The exhibition by the Royal College of Physicians of Edinburgh (RCPE), which covers 600 years of medicine in the Highlands and Islands, will begin on 16th September.

This is a touring exhibition, which will initially run at the Gairloch Museum before moving to Castletown Heritage Centre in Caithness. The exhibition is also available for loan to any museums, galleries, libraries and other public bodies who are interested in borrowing it.

Also on display will be the original handwritten survey responses from ministers and doctors across the Highlands and Islands from the 1850s detailing the poverty, sickness and deprivation caused by the potato famine and Highland Clearances.

The Highlands and Islands of Scotland hold a unique place in medical history. Expansive geography, famine and economic instability combined to create precarious living circumstances for both physicians and patients. This exhibition explores the changes which have taken place in Highland medicine over 500 years. It uncovers the stories behind Jacobite medicines, local healers and famed Celtic physicians such as The Beatons.

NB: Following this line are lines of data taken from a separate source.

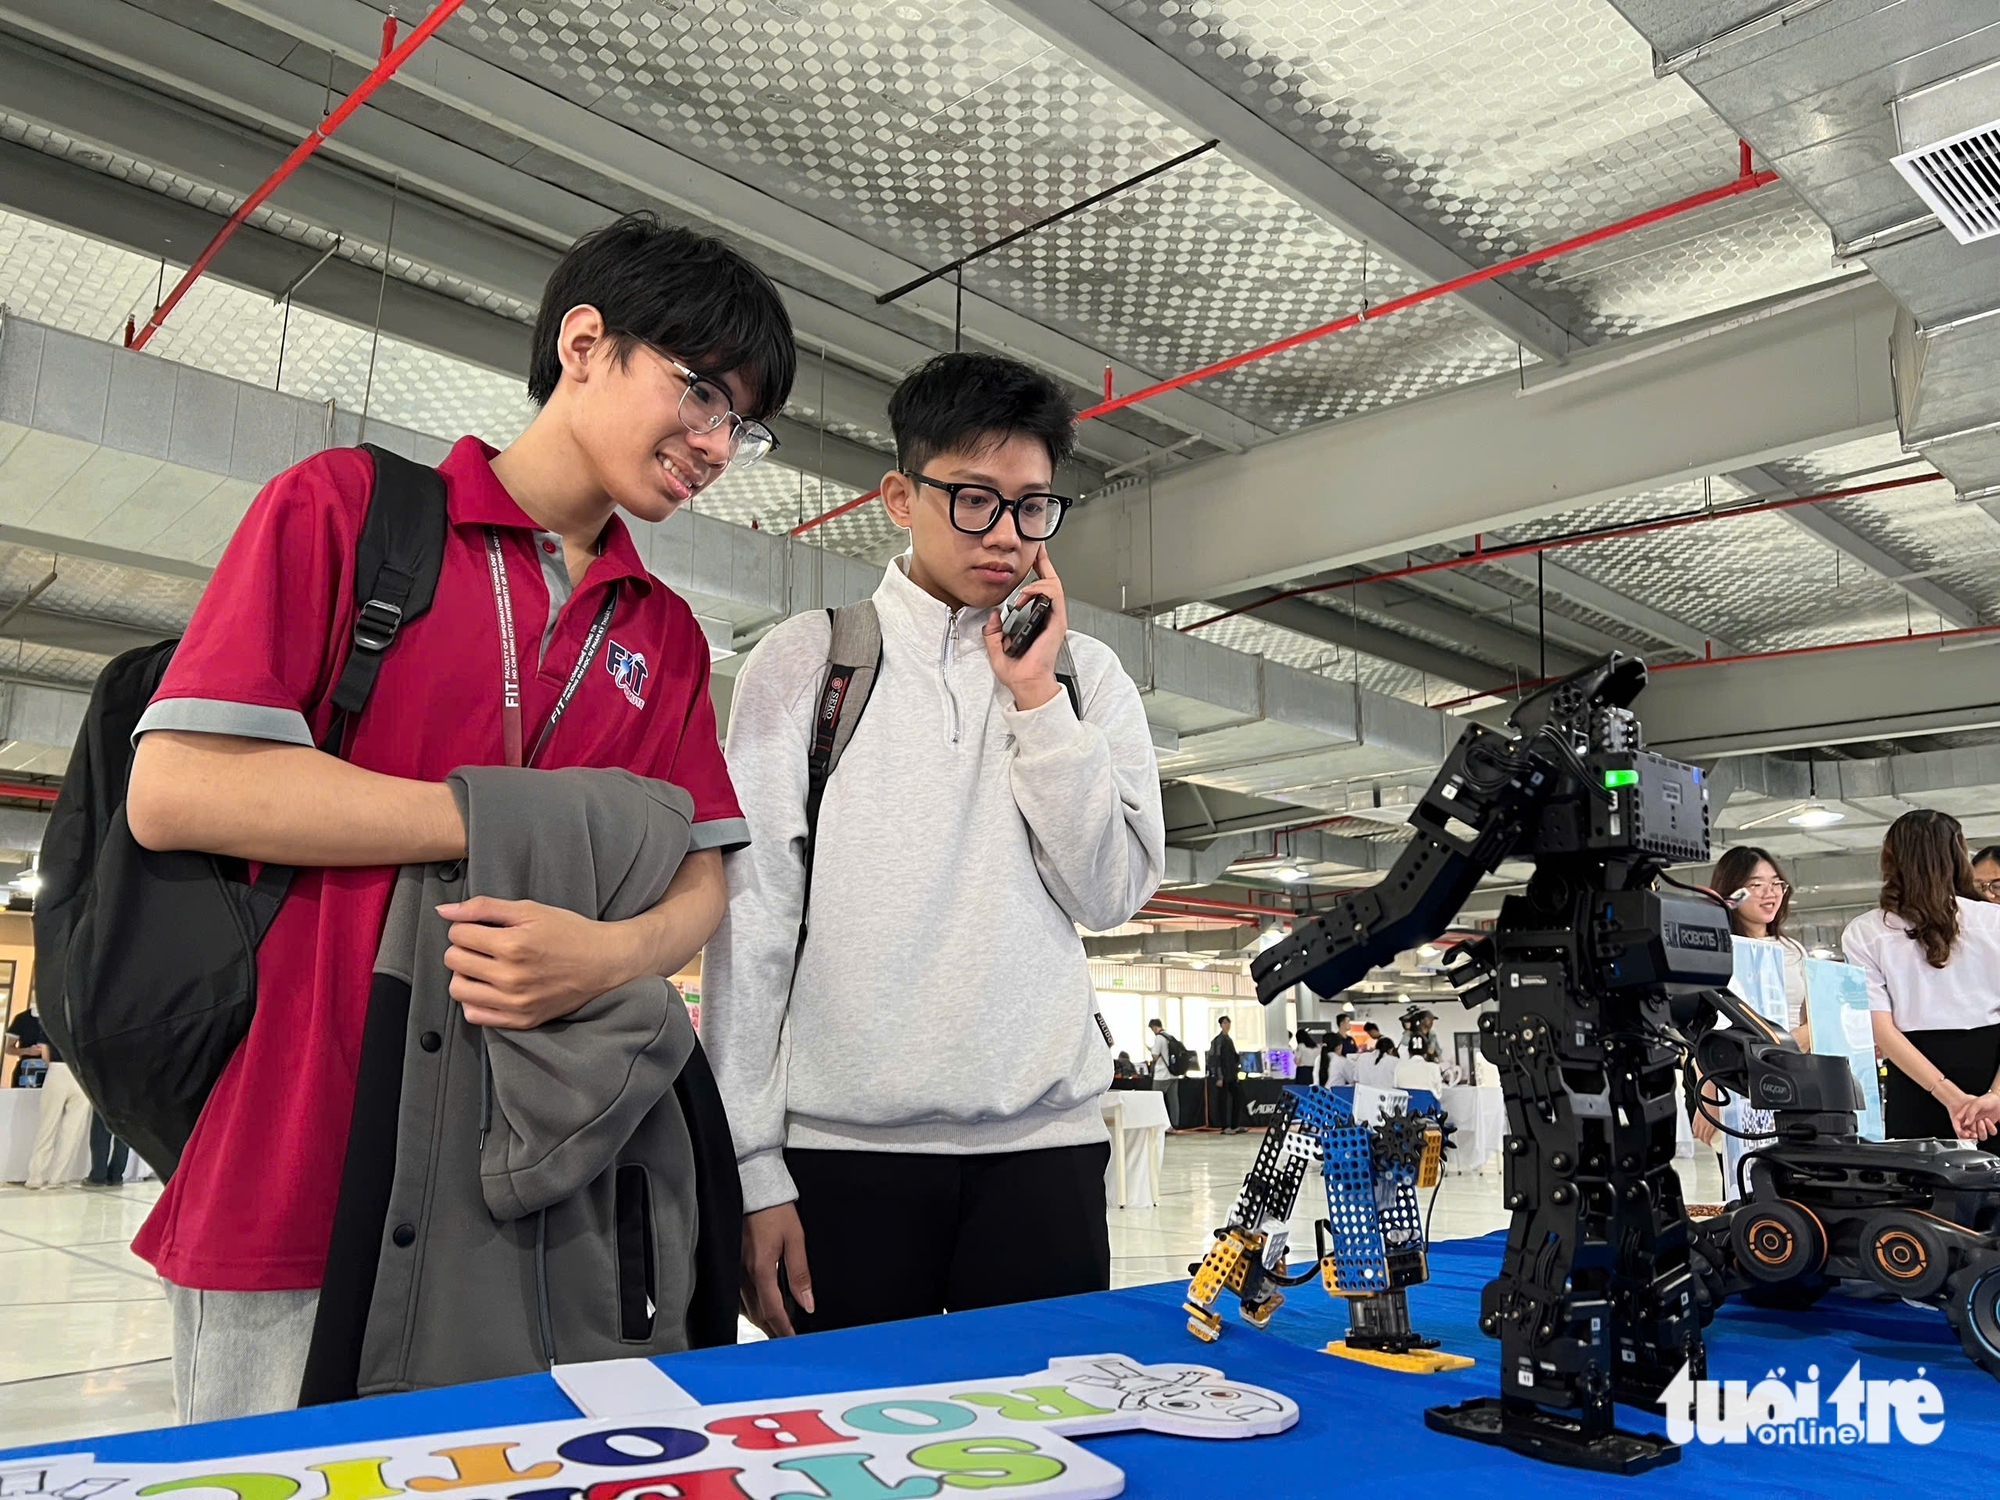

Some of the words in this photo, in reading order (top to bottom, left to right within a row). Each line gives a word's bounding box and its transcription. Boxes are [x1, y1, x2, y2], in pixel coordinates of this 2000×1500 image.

[493, 536, 505, 574] TECHNOLOGY
[490, 553, 501, 594] TECHNOLOGY
[501, 576, 507, 585] OF
[497, 595, 507, 639] INFORMATION
[502, 586, 513, 622] UNIVERSITY
[502, 640, 509, 649] OF
[606, 639, 648, 697] FIT
[505, 681, 519, 707] FIT
[551, 697, 565, 723] FIT
[1680, 929, 1717, 947] ROBOTIS
[1097, 1015, 1113, 1044] JULIDO
[470, 1436, 1067, 1500] STE

Geographical isolation meant that many medical recipes needed to be adapted to include locally available ingredients, including seaweed and fish oil. The Highlands were also viewed as a potential source of income for charlatans and an influx of travelling quacks- unqualified people who claimed medical knowledge- from the Lowlands streamed across the Highlands in the 1700s and 1800s.

Dr Daisy Cunynghame, curator of “Remote and Rural Remedies”, said:

Medicine in the Highlands and Islands is often treated one-dimensionally – as simple a story about folk remedies and strange rituals. We made sure when we were developing this exhibition that we looked beyond that, and we’re excited to have uncovered stories about some really important people, and discoveries, in the history of Highland medicine.

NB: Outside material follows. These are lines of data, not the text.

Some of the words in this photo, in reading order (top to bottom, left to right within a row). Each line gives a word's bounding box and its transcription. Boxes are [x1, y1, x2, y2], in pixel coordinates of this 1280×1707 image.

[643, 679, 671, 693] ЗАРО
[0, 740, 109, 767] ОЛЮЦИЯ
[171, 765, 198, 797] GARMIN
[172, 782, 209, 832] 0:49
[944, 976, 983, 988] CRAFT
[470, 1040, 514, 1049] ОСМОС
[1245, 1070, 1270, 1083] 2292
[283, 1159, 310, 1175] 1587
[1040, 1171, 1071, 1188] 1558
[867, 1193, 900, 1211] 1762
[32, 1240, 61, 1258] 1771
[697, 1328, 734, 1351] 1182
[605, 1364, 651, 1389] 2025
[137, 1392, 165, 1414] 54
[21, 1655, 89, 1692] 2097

The best example of this is undoubtedly the medicine chest on display which was used at the Battle of Culloden – it belonged to Stuart Threipland, a past president of the Royal College of Physicians of Edinburgh and physician to Bonnie Prince Charlie. Threipland is definitely one of our stand-out presidents.

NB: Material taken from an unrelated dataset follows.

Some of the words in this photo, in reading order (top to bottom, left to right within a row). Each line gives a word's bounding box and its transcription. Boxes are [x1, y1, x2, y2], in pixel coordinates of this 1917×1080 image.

The medicine chest shows traditional medicine of the 1700s with a Highland twist – it includes medicines made from beetles, from beaver anal glands and from turpentine. The Highlands and Islands influenced, and in turn was influenced by, developments elsewhere in Europe. This medicine chest, and the rest of the exhibition, celebrates the uniqueness and the interconnectedness of the history of medicine in the Highlands and Islands.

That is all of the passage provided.